Go through the records below and write each one out again unchanged.

== Data extracts ==

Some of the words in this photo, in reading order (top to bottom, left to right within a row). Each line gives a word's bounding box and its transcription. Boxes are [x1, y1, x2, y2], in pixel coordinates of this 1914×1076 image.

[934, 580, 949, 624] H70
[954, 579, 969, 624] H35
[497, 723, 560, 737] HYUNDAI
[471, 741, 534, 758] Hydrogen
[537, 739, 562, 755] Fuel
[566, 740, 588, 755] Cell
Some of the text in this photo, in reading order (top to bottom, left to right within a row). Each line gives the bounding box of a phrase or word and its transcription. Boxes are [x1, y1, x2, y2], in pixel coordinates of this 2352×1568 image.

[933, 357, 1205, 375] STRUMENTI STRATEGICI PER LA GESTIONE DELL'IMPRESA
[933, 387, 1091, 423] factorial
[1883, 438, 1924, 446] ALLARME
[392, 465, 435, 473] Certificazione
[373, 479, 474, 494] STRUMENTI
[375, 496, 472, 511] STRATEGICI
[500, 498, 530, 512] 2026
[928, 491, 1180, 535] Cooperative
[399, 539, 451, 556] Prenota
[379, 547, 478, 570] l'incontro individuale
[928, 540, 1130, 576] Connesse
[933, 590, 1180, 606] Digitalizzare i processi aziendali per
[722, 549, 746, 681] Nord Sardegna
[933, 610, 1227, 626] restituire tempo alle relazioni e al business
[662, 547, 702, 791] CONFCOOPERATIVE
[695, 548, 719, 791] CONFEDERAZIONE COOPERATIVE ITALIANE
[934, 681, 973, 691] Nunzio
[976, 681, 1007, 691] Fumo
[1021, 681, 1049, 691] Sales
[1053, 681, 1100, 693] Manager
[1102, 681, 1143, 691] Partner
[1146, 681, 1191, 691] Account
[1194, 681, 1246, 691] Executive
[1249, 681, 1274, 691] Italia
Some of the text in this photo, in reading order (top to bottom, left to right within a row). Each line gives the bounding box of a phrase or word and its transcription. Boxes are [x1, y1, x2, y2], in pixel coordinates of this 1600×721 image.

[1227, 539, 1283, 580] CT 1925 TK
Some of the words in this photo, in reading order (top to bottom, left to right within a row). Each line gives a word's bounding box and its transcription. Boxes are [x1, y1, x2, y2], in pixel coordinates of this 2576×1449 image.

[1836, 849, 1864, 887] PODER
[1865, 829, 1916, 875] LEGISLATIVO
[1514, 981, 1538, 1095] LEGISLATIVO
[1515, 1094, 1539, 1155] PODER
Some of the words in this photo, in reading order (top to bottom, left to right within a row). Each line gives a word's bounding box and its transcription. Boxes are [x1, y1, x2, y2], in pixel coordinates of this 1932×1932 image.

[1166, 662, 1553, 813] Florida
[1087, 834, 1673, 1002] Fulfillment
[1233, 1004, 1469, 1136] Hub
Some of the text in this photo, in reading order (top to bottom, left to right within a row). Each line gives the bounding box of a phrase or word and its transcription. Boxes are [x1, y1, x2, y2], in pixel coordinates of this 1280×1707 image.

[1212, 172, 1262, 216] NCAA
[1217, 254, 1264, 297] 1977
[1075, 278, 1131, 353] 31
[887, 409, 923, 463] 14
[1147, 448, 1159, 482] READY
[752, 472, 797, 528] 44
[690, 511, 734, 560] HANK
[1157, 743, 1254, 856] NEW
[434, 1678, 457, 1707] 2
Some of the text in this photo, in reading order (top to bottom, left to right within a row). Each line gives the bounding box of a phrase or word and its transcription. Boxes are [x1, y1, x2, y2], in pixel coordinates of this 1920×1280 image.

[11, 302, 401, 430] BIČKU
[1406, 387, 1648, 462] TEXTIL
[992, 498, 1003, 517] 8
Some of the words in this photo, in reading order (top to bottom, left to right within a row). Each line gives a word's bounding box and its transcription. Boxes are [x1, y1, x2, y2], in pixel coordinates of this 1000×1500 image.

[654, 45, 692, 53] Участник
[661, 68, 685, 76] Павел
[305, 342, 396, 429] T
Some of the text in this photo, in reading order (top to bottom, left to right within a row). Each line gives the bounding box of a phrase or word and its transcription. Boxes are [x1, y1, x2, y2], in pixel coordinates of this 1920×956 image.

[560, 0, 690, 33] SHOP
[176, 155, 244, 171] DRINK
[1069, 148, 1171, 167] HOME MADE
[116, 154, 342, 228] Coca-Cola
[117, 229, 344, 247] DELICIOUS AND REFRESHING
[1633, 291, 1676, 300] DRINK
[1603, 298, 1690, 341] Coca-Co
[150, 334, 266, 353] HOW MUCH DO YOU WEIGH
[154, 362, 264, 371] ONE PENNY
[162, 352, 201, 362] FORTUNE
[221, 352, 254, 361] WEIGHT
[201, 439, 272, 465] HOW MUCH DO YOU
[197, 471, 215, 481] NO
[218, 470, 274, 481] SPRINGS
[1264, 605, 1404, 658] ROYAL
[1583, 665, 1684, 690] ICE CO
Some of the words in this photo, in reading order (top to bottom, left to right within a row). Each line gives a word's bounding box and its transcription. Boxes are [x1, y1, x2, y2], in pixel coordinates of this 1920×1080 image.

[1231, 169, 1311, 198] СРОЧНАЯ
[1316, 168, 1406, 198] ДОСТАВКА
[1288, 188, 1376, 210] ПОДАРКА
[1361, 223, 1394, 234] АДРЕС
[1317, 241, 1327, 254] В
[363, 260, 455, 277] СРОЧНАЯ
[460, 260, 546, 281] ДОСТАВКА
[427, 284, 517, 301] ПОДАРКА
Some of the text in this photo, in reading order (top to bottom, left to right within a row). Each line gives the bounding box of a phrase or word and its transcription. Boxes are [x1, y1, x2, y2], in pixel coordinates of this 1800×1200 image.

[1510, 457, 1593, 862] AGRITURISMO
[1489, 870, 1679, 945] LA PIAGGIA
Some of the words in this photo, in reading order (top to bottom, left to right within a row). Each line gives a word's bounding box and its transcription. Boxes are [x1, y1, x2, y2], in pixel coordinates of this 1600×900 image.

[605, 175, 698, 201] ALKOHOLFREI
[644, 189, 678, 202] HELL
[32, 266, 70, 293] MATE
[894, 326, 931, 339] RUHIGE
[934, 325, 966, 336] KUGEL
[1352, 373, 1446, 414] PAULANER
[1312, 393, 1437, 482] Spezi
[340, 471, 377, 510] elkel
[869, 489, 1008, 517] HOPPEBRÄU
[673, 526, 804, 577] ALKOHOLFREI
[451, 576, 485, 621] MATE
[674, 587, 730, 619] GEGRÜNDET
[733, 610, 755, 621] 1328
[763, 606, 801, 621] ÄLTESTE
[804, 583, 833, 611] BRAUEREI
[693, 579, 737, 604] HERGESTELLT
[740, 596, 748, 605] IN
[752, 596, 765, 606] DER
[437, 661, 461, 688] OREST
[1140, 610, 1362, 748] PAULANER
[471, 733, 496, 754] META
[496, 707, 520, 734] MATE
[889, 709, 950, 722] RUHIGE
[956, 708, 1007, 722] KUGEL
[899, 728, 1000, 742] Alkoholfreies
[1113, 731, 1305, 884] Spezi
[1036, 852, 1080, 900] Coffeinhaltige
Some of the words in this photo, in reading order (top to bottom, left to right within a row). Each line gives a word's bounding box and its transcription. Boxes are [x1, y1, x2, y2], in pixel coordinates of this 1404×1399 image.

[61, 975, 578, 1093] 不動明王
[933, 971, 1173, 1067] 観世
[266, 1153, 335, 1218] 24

===

▶ Answer to this problem
Some of the words in this photo, in reading order (top to bottom, left to right within a row). Each line gives a word's bounding box and its transcription. Boxes are [x1, y1, x2, y2], in pixel coordinates of this 1914×1076 image.

[934, 580, 949, 624] H70
[954, 579, 969, 624] H35
[497, 723, 560, 737] HYUNDAI
[471, 741, 534, 758] Hydrogen
[537, 739, 562, 755] Fuel
[566, 740, 588, 755] Cell
Some of the text in this photo, in reading order (top to bottom, left to right within a row). Each line gives the bounding box of a phrase or word and its transcription. Boxes are [x1, y1, x2, y2], in pixel coordinates of this 2352×1568 image.

[933, 357, 1205, 375] STRUMENTI STRATEGICI PER LA GESTIONE DELL'IMPRESA
[933, 387, 1091, 423] factorial
[1883, 438, 1924, 446] ALLARME
[392, 465, 435, 473] Certificazione
[373, 479, 474, 494] STRUMENTI
[375, 496, 472, 511] STRATEGICI
[500, 498, 530, 512] 2026
[928, 491, 1180, 535] Cooperative
[399, 539, 451, 556] Prenota
[379, 547, 478, 570] l'incontro individuale
[928, 540, 1130, 576] Connesse
[933, 590, 1180, 606] Digitalizzare i processi aziendali per
[722, 549, 746, 681] Nord Sardegna
[933, 610, 1227, 626] restituire tempo alle relazioni e al business
[662, 547, 702, 791] CONFCOOPERATIVE
[695, 548, 719, 791] CONFEDERAZIONE COOPERATIVE ITALIANE
[934, 681, 973, 691] Nunzio
[976, 681, 1007, 691] Fumo
[1021, 681, 1049, 691] Sales
[1053, 681, 1100, 693] Manager
[1102, 681, 1143, 691] Partner
[1146, 681, 1191, 691] Account
[1194, 681, 1246, 691] Executive
[1249, 681, 1274, 691] Italia
Some of the text in this photo, in reading order (top to bottom, left to right within a row). Each line gives the bounding box of a phrase or word and its transcription. Boxes are [x1, y1, x2, y2], in pixel coordinates of this 1600×721 image.

[1227, 539, 1283, 580] CT 1925 TK
Some of the words in this photo, in reading order (top to bottom, left to right within a row). Each line gives a word's bounding box and its transcription. Boxes are [x1, y1, x2, y2], in pixel coordinates of this 2576×1449 image.

[1836, 849, 1864, 887] PODER
[1865, 829, 1916, 875] LEGISLATIVO
[1514, 981, 1538, 1095] LEGISLATIVO
[1515, 1094, 1539, 1155] PODER
Some of the words in this photo, in reading order (top to bottom, left to right within a row). Each line gives a word's bounding box and its transcription. Boxes are [x1, y1, x2, y2], in pixel coordinates of this 1932×1932 image.

[1166, 662, 1553, 813] Florida
[1087, 834, 1673, 1002] Fulfillment
[1233, 1004, 1469, 1136] Hub
Some of the text in this photo, in reading order (top to bottom, left to right within a row). Each line gives the bounding box of a phrase or word and its transcription. Boxes are [x1, y1, x2, y2], in pixel coordinates of this 1280×1707 image.

[1212, 172, 1262, 216] NCAA
[1217, 254, 1264, 297] 1977
[1075, 278, 1131, 353] 31
[887, 409, 923, 463] 14
[1147, 448, 1159, 482] READY
[752, 472, 797, 528] 44
[690, 511, 734, 560] HANK
[1157, 743, 1254, 856] NEW
[434, 1678, 457, 1707] 2
Some of the text in this photo, in reading order (top to bottom, left to right within a row). Each line gives the bounding box of a phrase or word and its transcription. Boxes are [x1, y1, x2, y2], in pixel coordinates of this 1920×1280 image.

[11, 302, 401, 430] BIČKU
[1406, 387, 1648, 462] TEXTIL
[992, 498, 1003, 517] 8
Some of the words in this photo, in reading order (top to bottom, left to right within a row). Each line gives a word's bounding box and its transcription. Boxes are [x1, y1, x2, y2], in pixel coordinates of this 1000×1500 image.

[654, 45, 692, 53] Участник
[661, 68, 685, 76] Павел
[305, 342, 396, 429] T
Some of the text in this photo, in reading order (top to bottom, left to right within a row). Each line gives the bounding box of a phrase or word and its transcription. Boxes are [x1, y1, x2, y2], in pixel coordinates of this 1920×956 image.

[560, 0, 690, 33] SHOP
[176, 155, 244, 171] DRINK
[1069, 148, 1171, 167] HOME MADE
[116, 154, 342, 228] Coca-Cola
[117, 229, 344, 247] DELICIOUS AND REFRESHING
[1633, 291, 1676, 300] DRINK
[1603, 298, 1690, 341] Coca-Co
[150, 334, 266, 353] HOW MUCH DO YOU WEIGH
[154, 362, 264, 371] ONE PENNY
[162, 352, 201, 362] FORTUNE
[221, 352, 254, 361] WEIGHT
[201, 439, 272, 465] HOW MUCH DO YOU
[197, 471, 215, 481] NO
[218, 470, 274, 481] SPRINGS
[1264, 605, 1404, 658] ROYAL
[1583, 665, 1684, 690] ICE CO
Some of the words in this photo, in reading order (top to bottom, left to right within a row). Each line gives a word's bounding box and its transcription. Boxes are [x1, y1, x2, y2], in pixel coordinates of this 1920×1080 image.

[1231, 169, 1311, 198] СРОЧНАЯ
[1316, 168, 1406, 198] ДОСТАВКА
[1288, 188, 1376, 210] ПОДАРКА
[1361, 223, 1394, 234] АДРЕС
[1317, 241, 1327, 254] В
[363, 260, 455, 277] СРОЧНАЯ
[460, 260, 546, 281] ДОСТАВКА
[427, 284, 517, 301] ПОДАРКА
Some of the text in this photo, in reading order (top to bottom, left to right within a row). Each line gives the bounding box of a phrase or word and its transcription. Boxes are [x1, y1, x2, y2], in pixel coordinates of this 1800×1200 image.

[1510, 457, 1593, 862] AGRITURISMO
[1489, 870, 1679, 945] LA PIAGGIA
Some of the words in this photo, in reading order (top to bottom, left to right within a row). Each line gives a word's bounding box and its transcription. Boxes are [x1, y1, x2, y2], in pixel coordinates of this 1600×900 image.

[605, 175, 698, 201] ALKOHOLFREI
[644, 189, 678, 202] HELL
[32, 266, 70, 293] MATE
[894, 326, 931, 339] RUHIGE
[934, 325, 966, 336] KUGEL
[1352, 373, 1446, 414] PAULANER
[1312, 393, 1437, 482] Spezi
[340, 471, 377, 510] elkel
[869, 489, 1008, 517] HOPPEBRÄU
[673, 526, 804, 577] ALKOHOLFREI
[451, 576, 485, 621] MATE
[674, 587, 730, 619] GEGRÜNDET
[733, 610, 755, 621] 1328
[763, 606, 801, 621] ÄLTESTE
[804, 583, 833, 611] BRAUEREI
[693, 579, 737, 604] HERGESTELLT
[740, 596, 748, 605] IN
[752, 596, 765, 606] DER
[437, 661, 461, 688] OREST
[1140, 610, 1362, 748] PAULANER
[471, 733, 496, 754] META
[496, 707, 520, 734] MATE
[889, 709, 950, 722] RUHIGE
[956, 708, 1007, 722] KUGEL
[899, 728, 1000, 742] Alkoholfreies
[1113, 731, 1305, 884] Spezi
[1036, 852, 1080, 900] Coffeinhaltige
Some of the words in this photo, in reading order (top to bottom, left to right within a row). Each line gives a word's bounding box and its transcription. Boxes are [x1, y1, x2, y2], in pixel coordinates of this 1404×1399 image.

[61, 975, 578, 1093] 不動明王
[933, 971, 1173, 1067] 観世
[266, 1153, 335, 1218] 24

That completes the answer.